==== Records shown

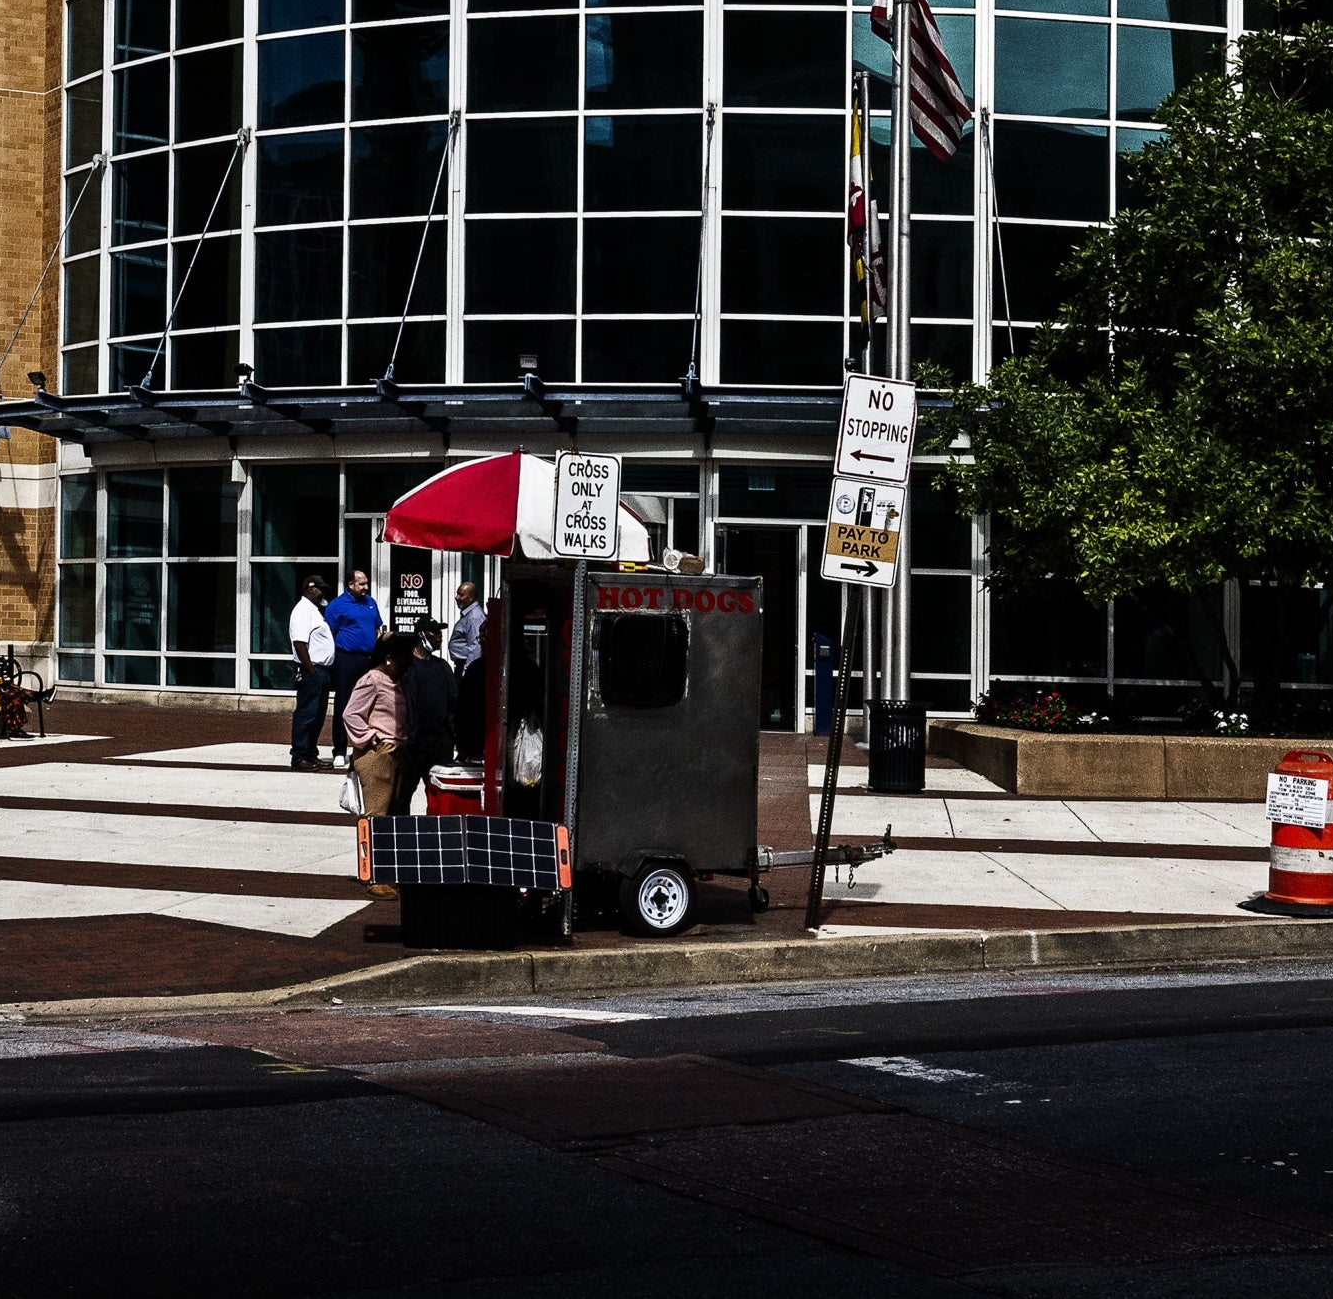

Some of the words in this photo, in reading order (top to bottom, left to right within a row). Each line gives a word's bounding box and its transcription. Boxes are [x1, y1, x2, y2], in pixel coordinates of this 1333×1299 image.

[868, 389, 894, 411] NO
[847, 418, 909, 443] STOPPING
[568, 462, 609, 479] CROSS
[571, 482, 604, 497] ONLY
[581, 500, 593, 510] AT
[565, 514, 606, 530] CROSS
[564, 532, 606, 549] WALKS
[837, 526, 866, 541] PAY
[869, 530, 889, 544] TO
[841, 541, 881, 558] PARK
[400, 574, 424, 589] NO
[596, 586, 665, 611] HOT
[671, 588, 755, 614] DOGS
[403, 606, 428, 614] WEAPONS
[1293, 777, 1316, 786] PARKING
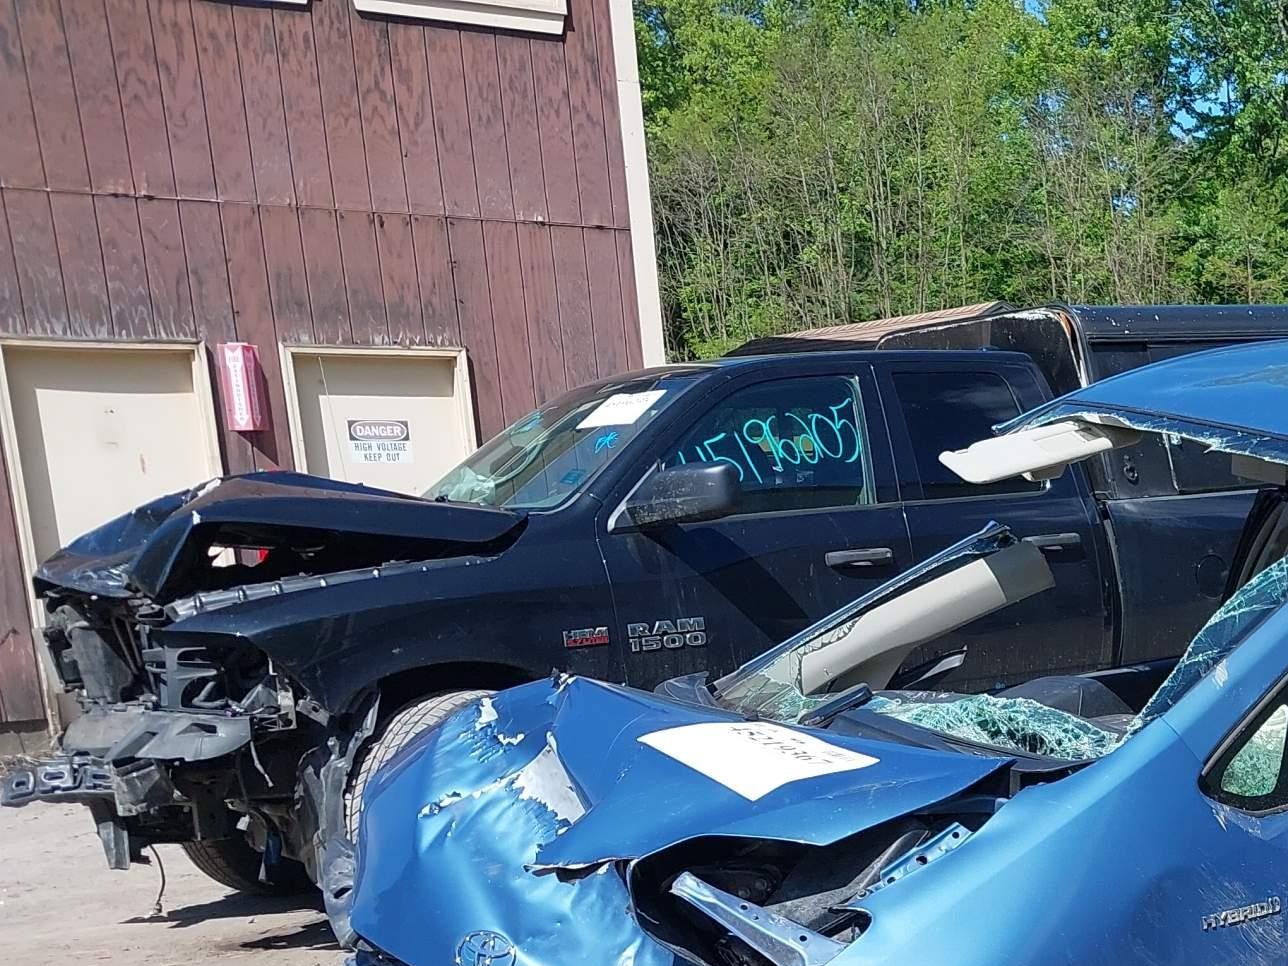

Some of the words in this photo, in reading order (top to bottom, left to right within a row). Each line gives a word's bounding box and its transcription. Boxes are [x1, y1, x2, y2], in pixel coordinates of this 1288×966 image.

[355, 425, 402, 437] DANGER
[354, 442, 373, 452] HIGH
[376, 442, 408, 452] VOLTAGE
[363, 452, 382, 462] KEEP
[386, 452, 400, 462] OUT
[627, 616, 706, 637] RAM
[629, 631, 707, 652] 1500
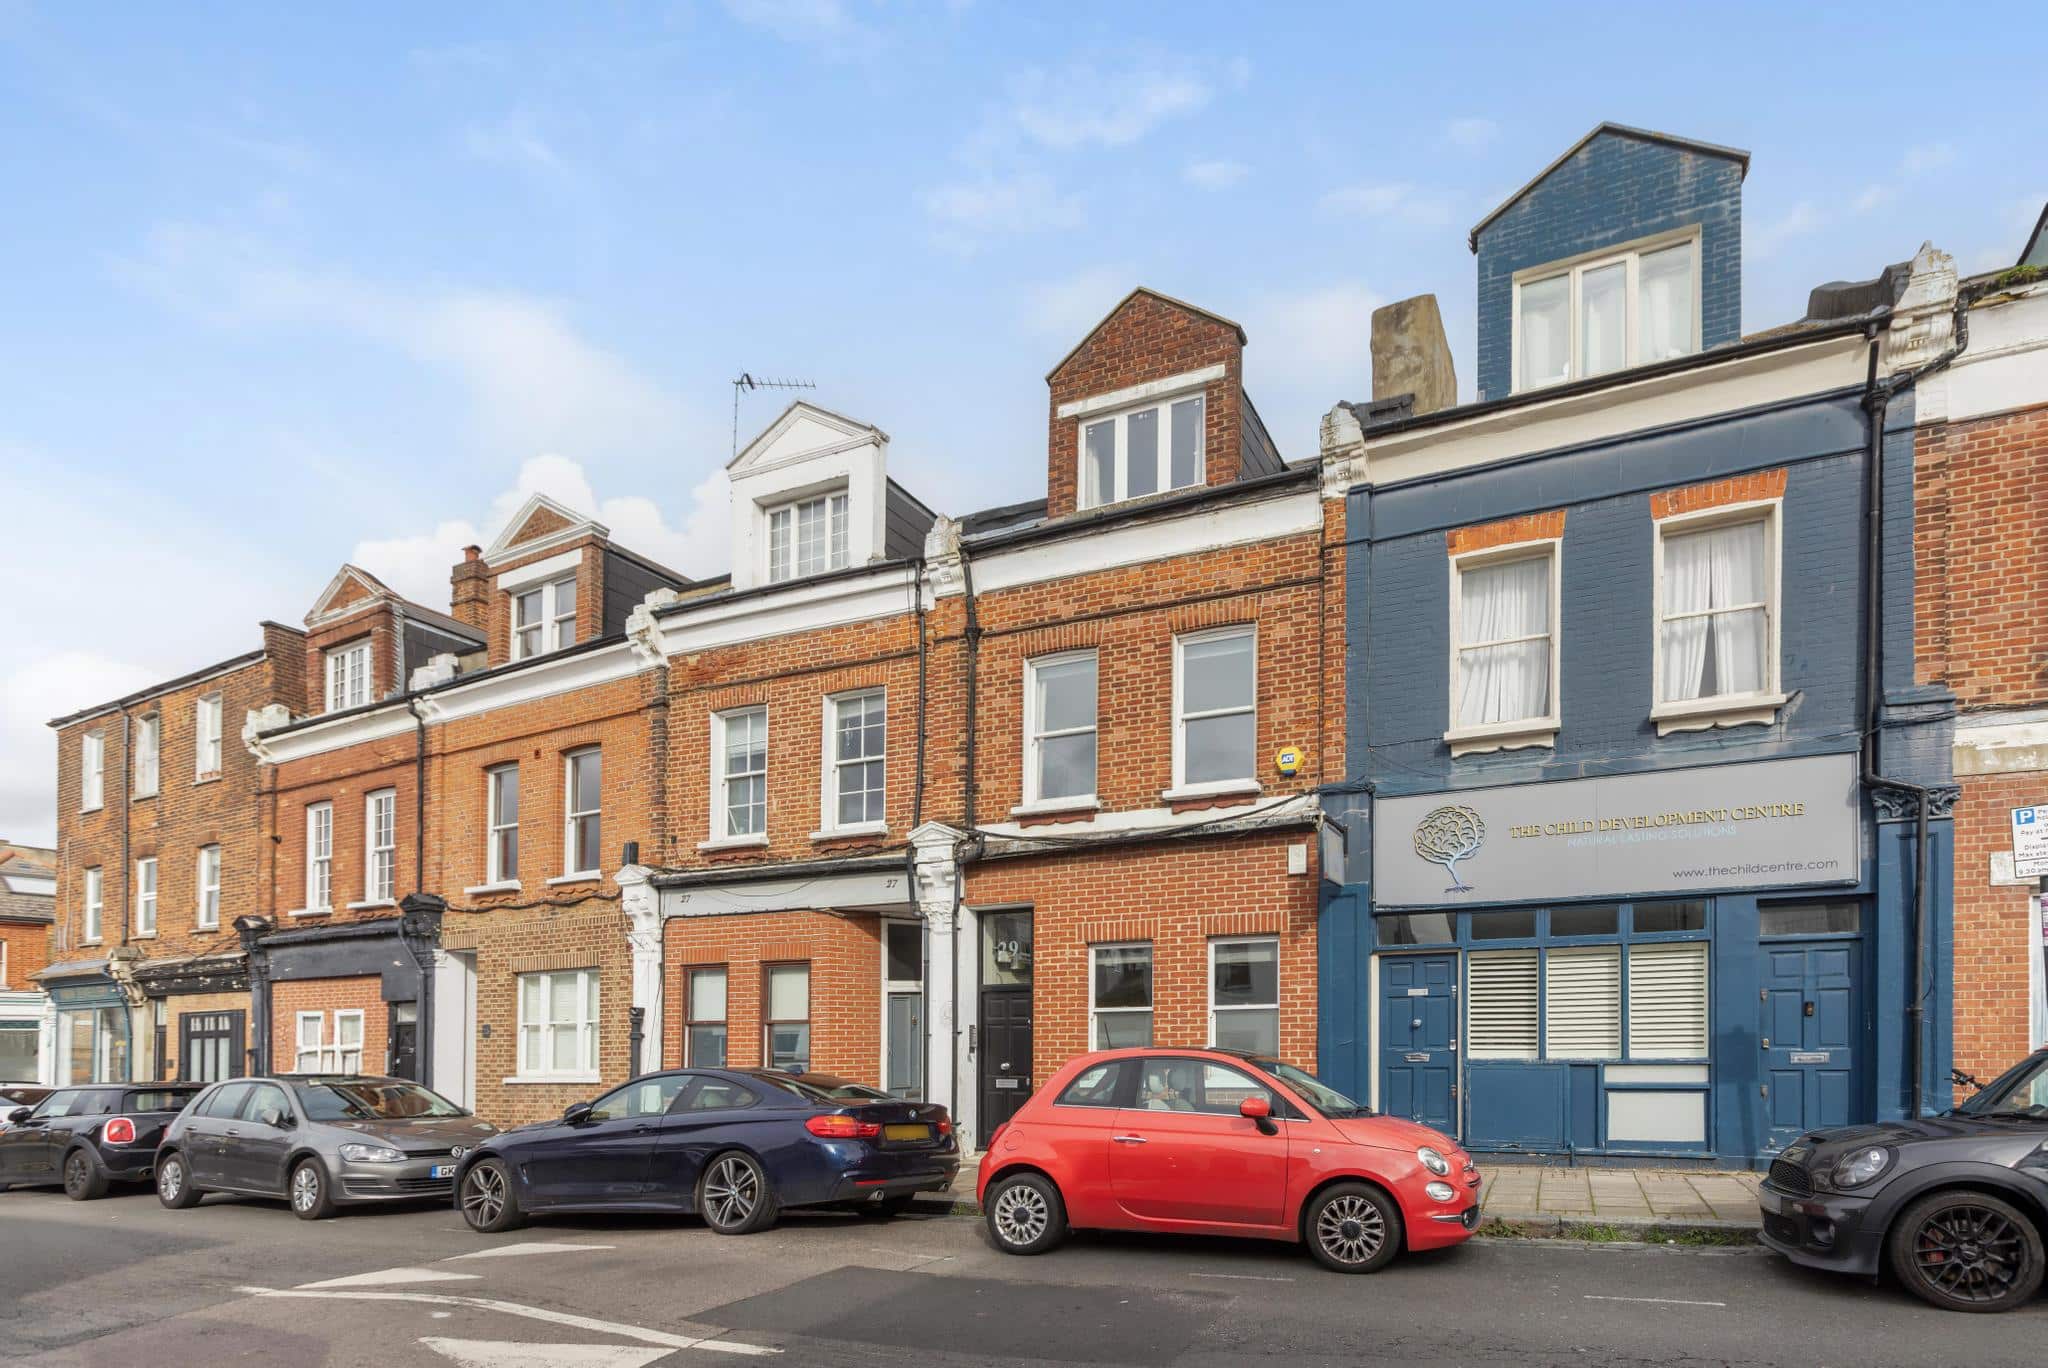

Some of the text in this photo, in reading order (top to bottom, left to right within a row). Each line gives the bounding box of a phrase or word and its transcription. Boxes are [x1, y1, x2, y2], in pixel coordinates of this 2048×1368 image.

[1510, 802, 1805, 838] THE CHILD DEVELOPMENT CENTRE
[1672, 859, 1839, 878] www.thechildcentre.com
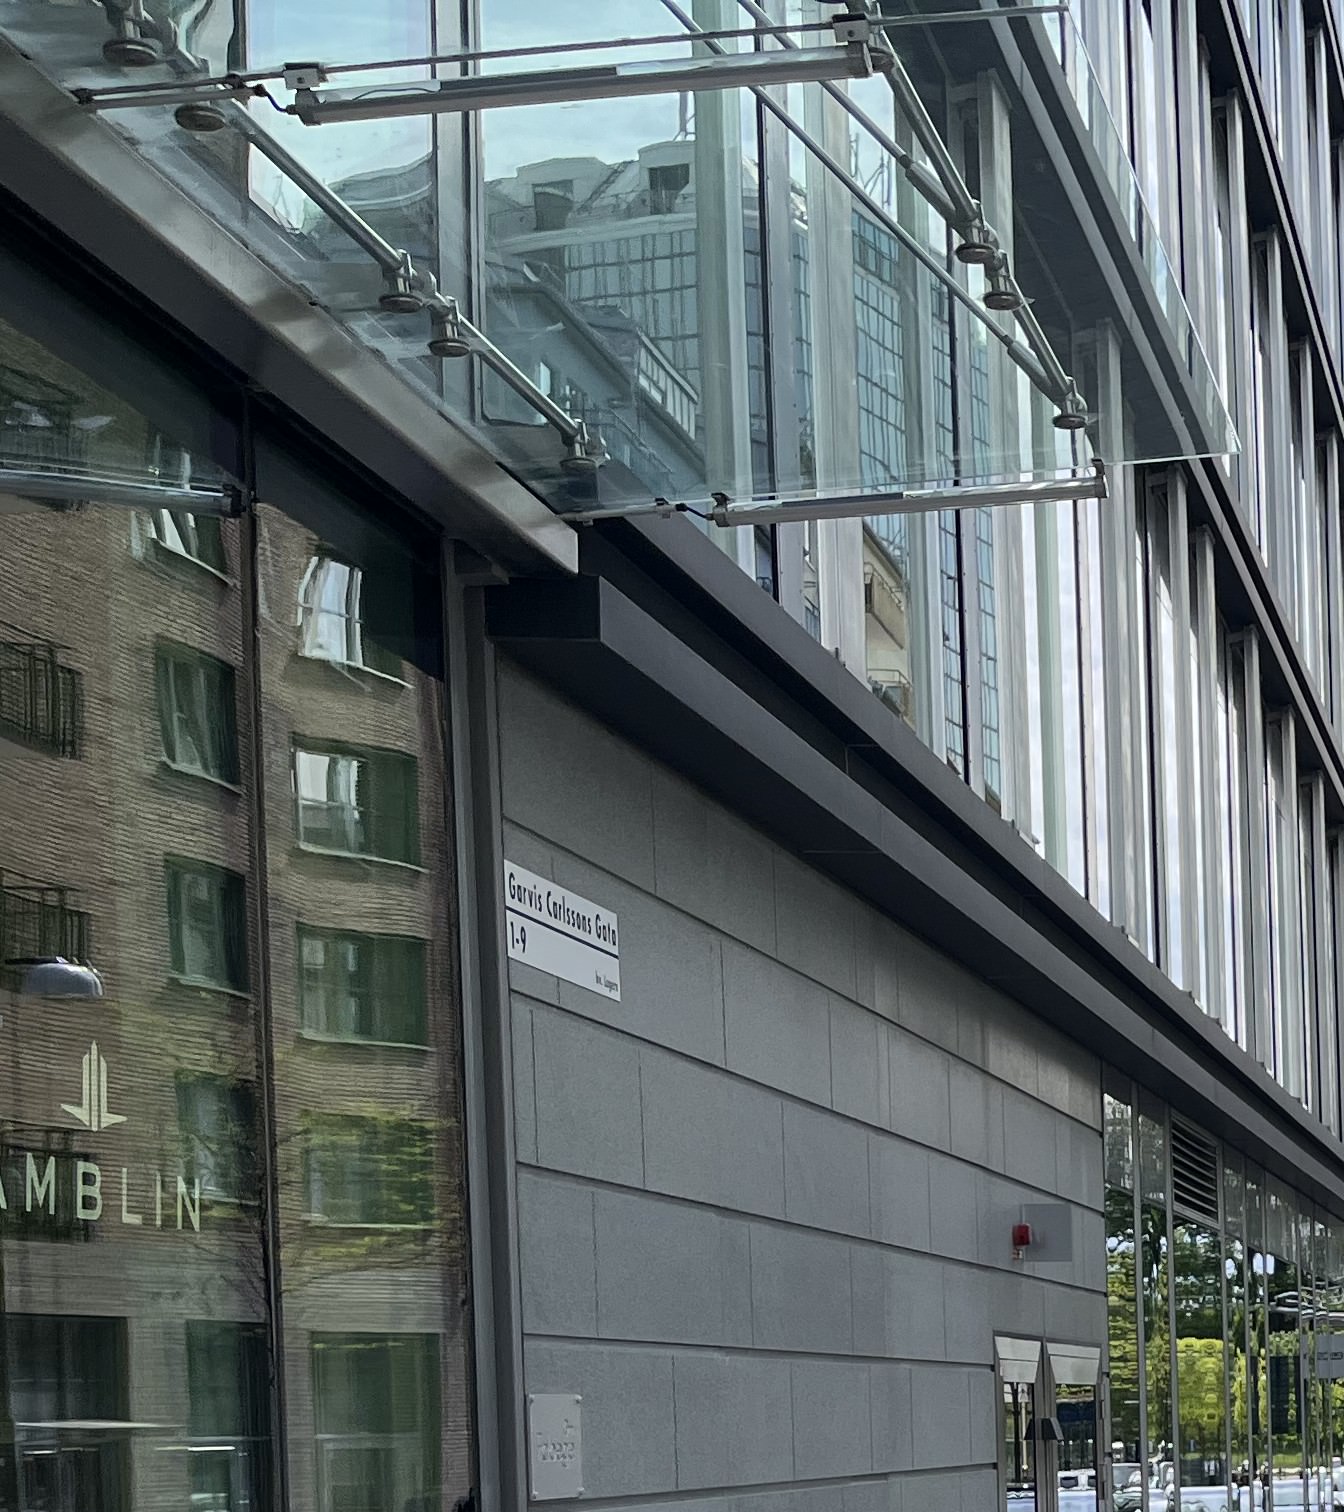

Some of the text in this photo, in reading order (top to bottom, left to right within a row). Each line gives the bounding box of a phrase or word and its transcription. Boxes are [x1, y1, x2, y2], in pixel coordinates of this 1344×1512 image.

[508, 871, 617, 946] Garvis Carlssons Gata
[509, 921, 527, 954] 1-9

========

What is being asked —
Although the records contain pictures, the output must hold only their exact wording.

Answer below —
Some of the words in this photo, in reading order (top to bottom, left to right within a row). Each line gives a word's bounding box and its transcription. Boxes are [x1, y1, x2, y2], in pixel coordinates of this 1333×1299 image.

[868, 389, 894, 411] NO
[847, 418, 909, 443] STOPPING
[568, 462, 609, 479] CROSS
[571, 482, 604, 497] ONLY
[581, 500, 593, 510] AT
[565, 514, 606, 530] CROSS
[564, 532, 606, 549] WALKS
[837, 526, 866, 541] PAY
[869, 530, 889, 544] TO
[841, 541, 881, 558] PARK
[400, 574, 424, 589] NO
[596, 586, 665, 611] HOT
[671, 588, 755, 614] DOGS
[403, 606, 428, 614] WEAPONS
[1293, 777, 1316, 786] PARKING

Some of the words in this photo, in reading order (top to bottom, left to right within a row). Each line gives a word's bounding box and its transcription. Boxes are [x1, y1, x2, y2], in pixel coordinates of this 1288×966 image.

[355, 425, 402, 437] DANGER
[354, 442, 373, 452] HIGH
[376, 442, 408, 452] VOLTAGE
[363, 452, 382, 462] KEEP
[386, 452, 400, 462] OUT
[627, 616, 706, 637] RAM
[629, 631, 707, 652] 1500

Some of the text in this photo, in reading order (top to bottom, left to right within a row). Each line gives the bounding box of a phrase or word and its transcription. Boxes are [x1, y1, x2, y2], in pixel coordinates of this 2048×1368 image.

[1510, 802, 1805, 838] THE CHILD DEVELOPMENT CENTRE
[1672, 859, 1839, 878] www.thechildcentre.com

Some of the text in this photo, in reading order (top to bottom, left to right within a row). Each line gives the bounding box of a phrase or word and its transcription. Boxes are [x1, y1, x2, y2], in pixel coordinates of this 1344×1512 image.

[508, 871, 617, 946] Garvis Carlssons Gata
[509, 921, 527, 954] 1-9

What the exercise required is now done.